### Assignment
All records that follow are to be restated exactly.

▼

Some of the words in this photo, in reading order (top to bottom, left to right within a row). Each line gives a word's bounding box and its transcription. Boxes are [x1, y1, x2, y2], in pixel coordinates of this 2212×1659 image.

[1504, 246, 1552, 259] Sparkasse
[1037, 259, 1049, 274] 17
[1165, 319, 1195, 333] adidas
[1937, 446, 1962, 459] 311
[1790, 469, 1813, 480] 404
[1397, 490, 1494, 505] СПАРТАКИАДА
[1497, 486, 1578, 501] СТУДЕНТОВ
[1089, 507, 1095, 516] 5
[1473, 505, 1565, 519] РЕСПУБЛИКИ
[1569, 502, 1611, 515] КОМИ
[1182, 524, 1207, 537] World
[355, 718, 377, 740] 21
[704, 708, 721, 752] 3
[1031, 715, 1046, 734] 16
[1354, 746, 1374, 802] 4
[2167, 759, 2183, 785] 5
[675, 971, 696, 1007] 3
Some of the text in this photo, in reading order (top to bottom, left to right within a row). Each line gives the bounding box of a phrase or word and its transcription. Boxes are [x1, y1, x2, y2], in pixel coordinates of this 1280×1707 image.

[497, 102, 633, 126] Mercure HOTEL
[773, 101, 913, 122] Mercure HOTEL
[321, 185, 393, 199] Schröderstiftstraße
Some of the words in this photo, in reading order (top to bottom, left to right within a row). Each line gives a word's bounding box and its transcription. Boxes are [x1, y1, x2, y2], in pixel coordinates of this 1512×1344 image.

▲

### Problem solution
Some of the words in this photo, in reading order (top to bottom, left to right within a row). Each line gives a word's bounding box and its transcription. Boxes are [x1, y1, x2, y2], in pixel coordinates of this 2212×1659 image.

[1504, 246, 1552, 259] Sparkasse
[1037, 259, 1049, 274] 17
[1165, 319, 1195, 333] adidas
[1937, 446, 1962, 459] 311
[1790, 469, 1813, 480] 404
[1397, 490, 1494, 505] СПАРТАКИАДА
[1497, 486, 1578, 501] СТУДЕНТОВ
[1089, 507, 1095, 516] 5
[1473, 505, 1565, 519] РЕСПУБЛИКИ
[1569, 502, 1611, 515] КОМИ
[1182, 524, 1207, 537] World
[355, 718, 377, 740] 21
[704, 708, 721, 752] 3
[1031, 715, 1046, 734] 16
[1354, 746, 1374, 802] 4
[2167, 759, 2183, 785] 5
[675, 971, 696, 1007] 3
Some of the text in this photo, in reading order (top to bottom, left to right within a row). Each line gives the bounding box of a phrase or word and its transcription. Boxes are [x1, y1, x2, y2], in pixel coordinates of this 1280×1707 image.

[497, 102, 633, 126] Mercure HOTEL
[773, 101, 913, 122] Mercure HOTEL
[321, 185, 393, 199] Schröderstiftstraße
Some of the words in this photo, in reading order (top to bottom, left to right within a row). Each line gives a word's bounding box and its transcription. Boxes are [x1, y1, x2, y2], in pixel coordinates of this 1512×1344 image.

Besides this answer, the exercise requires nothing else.